A team of astronomers analyzed data gathered with the Magellan Clay Telescope and its high-resolution Magellan Inamori Kyocera Echelle spectrograph to determine that SDSS J0715-7334 is almost entirely hydrogen and helium with only trace amounts of carbon and iron.

The composition of SDSS J0715-7334 indicates that the Population III star that produced its carbon and iron was both unusually massive and exploded with uncommon vigor, the researchers say.

SDSS J0715-7334 is roughly 80,000 light years away in the vicinity of the Large Magellanic Cloud, the largest of the 100-200 small satellite galaxies that orbit the Milky Way. The Magellanic Clouds have only recently joined the Milky Way, and their long history of living alone has allowed them to ingest material from the cosmic web for a longer period than the Milky Way. Those conditions may have promoted the production of low-metallicity stars like SDSS J0715-7334.

“It’s possible that we’re going to find a relatively higher proportion of ultra-metal-poor stars in galaxies like the Magellanic Clouds than in our own Milky Way Galaxy,” Schlaufman says.

As part of the Sloan Digital Sky Survey, the researchers will continue to study the Milky Way’s formation and evolution, with Schlaufman leading an effort to study the oldest stars in the Milky Way.

“There is still lots to be done to understand what actually was going on in that era long, long ago when the Milky Way was young,” Schlaufman says. “We’ve only scratched the surface with this current phase of the Sloan Digital Sky Survey.”

Findings from the survey appear in the journal Nature Astronomy.

Additional coauthors are from the Harvard & Smithsonian Center for Astrophysics, the University of Chicago, the Max Planck Institute of Astronomy, Vanderbilt University, The Ohio State University, University of Florida, Monash University, Space Telescope Science Institute, Yale University, Universidad Católica del Norte, The University of Texas, Carnegie Institution for Science, Sorbonne Université, Heidelberg University, Eötvös Loránd University, Sean University of Illinois at Urbana-Champaign, Montana State University, the University of Colorado, and The Pennsylvania State University.

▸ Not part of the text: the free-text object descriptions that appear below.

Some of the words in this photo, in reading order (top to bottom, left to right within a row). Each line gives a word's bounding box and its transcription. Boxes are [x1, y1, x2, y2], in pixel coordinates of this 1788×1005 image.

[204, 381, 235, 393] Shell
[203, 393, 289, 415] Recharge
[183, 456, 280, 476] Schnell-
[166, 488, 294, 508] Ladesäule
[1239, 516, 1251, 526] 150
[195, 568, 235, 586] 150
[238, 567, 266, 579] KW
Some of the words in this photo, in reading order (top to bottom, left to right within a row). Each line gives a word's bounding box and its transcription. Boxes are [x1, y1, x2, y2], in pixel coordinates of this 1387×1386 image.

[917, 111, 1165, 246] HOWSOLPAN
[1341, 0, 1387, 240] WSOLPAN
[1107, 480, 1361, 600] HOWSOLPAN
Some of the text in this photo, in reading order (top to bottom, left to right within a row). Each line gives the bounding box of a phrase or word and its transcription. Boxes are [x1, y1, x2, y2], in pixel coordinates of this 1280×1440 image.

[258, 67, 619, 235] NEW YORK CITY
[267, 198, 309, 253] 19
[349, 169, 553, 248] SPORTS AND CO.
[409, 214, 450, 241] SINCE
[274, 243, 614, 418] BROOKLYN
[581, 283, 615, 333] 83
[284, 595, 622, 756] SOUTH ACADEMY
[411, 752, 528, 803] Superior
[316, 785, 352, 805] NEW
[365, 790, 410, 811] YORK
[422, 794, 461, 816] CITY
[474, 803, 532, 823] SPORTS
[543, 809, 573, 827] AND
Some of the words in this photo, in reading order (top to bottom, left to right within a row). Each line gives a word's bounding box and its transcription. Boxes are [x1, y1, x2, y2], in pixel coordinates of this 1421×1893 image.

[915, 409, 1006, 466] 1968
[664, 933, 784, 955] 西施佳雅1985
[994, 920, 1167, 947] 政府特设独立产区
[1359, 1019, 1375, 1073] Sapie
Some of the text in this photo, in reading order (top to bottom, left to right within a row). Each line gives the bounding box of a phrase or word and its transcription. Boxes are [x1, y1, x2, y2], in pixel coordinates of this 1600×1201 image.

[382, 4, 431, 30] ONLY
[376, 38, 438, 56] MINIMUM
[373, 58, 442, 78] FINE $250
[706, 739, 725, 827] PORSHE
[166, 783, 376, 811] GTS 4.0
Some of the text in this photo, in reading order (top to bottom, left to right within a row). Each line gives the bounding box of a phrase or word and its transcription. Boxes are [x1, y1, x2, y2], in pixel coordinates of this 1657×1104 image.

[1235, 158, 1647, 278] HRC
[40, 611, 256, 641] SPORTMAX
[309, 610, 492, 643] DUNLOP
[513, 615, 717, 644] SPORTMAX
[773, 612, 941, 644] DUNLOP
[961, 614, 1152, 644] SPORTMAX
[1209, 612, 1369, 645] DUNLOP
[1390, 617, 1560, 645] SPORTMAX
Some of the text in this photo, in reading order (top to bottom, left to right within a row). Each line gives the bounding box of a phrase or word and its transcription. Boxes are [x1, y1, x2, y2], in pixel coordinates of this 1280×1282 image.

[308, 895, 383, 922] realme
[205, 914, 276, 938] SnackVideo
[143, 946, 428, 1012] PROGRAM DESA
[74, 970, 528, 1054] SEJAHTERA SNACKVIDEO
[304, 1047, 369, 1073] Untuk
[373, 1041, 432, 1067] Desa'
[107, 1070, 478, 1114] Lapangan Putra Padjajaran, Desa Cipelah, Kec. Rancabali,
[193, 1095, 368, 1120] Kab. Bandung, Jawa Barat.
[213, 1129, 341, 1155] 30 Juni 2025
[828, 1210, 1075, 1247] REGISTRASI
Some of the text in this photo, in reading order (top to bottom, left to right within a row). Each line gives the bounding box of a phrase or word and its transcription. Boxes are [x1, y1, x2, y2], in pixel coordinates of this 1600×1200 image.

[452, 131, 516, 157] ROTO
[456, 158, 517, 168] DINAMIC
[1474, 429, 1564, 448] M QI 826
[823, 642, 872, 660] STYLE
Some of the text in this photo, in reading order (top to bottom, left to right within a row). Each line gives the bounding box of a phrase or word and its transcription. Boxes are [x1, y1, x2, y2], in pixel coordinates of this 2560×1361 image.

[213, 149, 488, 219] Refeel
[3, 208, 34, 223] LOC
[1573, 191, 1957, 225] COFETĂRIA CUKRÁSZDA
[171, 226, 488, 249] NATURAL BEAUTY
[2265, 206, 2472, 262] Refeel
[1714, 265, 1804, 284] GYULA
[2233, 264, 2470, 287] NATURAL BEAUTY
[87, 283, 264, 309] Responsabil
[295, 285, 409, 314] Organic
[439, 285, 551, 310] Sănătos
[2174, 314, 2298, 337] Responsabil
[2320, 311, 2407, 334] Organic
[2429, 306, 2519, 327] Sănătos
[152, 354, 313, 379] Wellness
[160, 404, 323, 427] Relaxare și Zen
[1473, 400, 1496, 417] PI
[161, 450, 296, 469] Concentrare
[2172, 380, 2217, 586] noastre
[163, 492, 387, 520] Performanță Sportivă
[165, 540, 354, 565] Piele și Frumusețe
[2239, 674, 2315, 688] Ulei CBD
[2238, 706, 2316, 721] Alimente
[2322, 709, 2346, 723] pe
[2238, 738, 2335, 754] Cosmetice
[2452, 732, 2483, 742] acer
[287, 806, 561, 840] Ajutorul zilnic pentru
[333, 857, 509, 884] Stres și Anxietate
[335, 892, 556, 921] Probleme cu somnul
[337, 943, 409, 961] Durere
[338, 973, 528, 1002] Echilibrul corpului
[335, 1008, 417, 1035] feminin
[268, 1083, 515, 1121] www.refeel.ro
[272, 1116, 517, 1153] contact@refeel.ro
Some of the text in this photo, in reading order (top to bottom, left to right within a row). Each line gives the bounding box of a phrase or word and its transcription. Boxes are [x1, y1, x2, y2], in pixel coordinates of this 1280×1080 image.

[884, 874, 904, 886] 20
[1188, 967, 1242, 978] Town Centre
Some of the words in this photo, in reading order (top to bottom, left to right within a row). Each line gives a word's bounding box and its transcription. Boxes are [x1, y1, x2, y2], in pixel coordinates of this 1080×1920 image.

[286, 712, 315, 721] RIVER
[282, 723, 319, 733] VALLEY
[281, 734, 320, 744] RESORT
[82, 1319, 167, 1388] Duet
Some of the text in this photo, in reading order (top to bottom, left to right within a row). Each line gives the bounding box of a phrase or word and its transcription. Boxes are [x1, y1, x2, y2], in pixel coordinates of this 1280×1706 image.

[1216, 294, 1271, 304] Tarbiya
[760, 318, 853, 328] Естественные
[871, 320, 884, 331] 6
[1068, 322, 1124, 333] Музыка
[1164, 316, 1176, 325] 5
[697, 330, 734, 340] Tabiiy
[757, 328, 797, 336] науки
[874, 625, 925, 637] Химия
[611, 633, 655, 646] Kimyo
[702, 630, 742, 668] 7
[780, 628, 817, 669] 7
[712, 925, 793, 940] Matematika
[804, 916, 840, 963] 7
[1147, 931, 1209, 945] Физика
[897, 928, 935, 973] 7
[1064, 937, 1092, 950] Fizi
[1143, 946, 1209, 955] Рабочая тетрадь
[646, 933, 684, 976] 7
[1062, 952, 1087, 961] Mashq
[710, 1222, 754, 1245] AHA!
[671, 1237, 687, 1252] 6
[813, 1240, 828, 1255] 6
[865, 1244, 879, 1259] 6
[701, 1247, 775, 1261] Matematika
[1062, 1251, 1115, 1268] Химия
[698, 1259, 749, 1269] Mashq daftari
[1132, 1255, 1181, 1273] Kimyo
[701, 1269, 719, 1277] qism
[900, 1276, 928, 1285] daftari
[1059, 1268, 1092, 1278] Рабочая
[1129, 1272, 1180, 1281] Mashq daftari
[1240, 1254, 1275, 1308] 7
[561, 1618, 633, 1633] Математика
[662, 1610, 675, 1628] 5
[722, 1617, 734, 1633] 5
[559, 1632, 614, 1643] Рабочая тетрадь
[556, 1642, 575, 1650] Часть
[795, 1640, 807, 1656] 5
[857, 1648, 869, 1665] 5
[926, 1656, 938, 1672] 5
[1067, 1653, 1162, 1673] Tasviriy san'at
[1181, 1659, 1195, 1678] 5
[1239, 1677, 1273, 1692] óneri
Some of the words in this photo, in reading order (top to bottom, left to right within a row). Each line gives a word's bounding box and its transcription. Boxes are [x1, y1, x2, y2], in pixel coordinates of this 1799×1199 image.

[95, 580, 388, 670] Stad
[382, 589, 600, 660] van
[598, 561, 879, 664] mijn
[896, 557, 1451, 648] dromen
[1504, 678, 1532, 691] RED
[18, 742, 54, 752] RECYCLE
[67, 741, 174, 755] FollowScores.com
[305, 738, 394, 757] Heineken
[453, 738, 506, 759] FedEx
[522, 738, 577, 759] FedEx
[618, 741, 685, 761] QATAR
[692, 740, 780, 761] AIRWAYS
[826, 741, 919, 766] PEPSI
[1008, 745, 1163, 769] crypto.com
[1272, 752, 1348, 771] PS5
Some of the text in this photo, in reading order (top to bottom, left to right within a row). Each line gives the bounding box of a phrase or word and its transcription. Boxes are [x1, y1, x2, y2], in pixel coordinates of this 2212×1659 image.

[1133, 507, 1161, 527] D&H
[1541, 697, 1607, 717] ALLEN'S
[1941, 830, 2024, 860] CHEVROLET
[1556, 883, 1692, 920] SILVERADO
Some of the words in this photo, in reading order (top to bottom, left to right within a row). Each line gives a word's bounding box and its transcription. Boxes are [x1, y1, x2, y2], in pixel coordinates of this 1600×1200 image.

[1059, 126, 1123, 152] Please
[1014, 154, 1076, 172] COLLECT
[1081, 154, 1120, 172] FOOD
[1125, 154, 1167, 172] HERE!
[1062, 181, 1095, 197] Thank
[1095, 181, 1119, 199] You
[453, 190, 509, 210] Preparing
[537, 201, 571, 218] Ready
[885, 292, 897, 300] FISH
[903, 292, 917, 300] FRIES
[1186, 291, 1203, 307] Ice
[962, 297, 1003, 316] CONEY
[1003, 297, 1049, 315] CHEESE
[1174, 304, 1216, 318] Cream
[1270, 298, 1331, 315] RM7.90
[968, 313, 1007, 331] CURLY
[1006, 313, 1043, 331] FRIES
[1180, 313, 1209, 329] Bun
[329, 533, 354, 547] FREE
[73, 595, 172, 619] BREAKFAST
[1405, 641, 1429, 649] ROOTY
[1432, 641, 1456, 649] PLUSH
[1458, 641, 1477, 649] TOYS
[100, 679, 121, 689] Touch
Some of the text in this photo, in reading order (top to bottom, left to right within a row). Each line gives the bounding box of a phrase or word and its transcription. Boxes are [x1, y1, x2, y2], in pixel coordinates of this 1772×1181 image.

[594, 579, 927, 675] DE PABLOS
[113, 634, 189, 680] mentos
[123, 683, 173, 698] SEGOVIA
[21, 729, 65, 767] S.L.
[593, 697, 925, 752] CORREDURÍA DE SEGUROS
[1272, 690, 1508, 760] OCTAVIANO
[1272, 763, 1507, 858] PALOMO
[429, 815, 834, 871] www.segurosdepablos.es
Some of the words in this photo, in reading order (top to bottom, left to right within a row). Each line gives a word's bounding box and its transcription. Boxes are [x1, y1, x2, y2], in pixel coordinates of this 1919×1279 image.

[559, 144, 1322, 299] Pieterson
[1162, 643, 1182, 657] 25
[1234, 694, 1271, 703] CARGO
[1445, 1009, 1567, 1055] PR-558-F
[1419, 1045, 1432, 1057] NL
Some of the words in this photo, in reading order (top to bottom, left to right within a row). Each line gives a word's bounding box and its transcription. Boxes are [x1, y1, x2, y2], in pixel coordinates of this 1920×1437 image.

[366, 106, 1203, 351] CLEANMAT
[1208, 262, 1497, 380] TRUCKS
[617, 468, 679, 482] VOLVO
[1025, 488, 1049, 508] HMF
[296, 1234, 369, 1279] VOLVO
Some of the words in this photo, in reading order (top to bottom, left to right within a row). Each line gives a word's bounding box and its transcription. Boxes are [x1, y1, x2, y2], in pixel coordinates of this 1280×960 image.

Support for the research came from from the National Science Foundation, Alfred P. Sloan Research Fellowship, Max Planck Society, European Research Council, NASA, Agence Nationale de la Recherche, Gruber Science Fellowship, ANID, Joint Committee ESO-Government of Chile, Hungarian Academy of Sciences, Kavli Institute for Cosmological Physics, UChicago Data Science Institute, and The University of Chicago.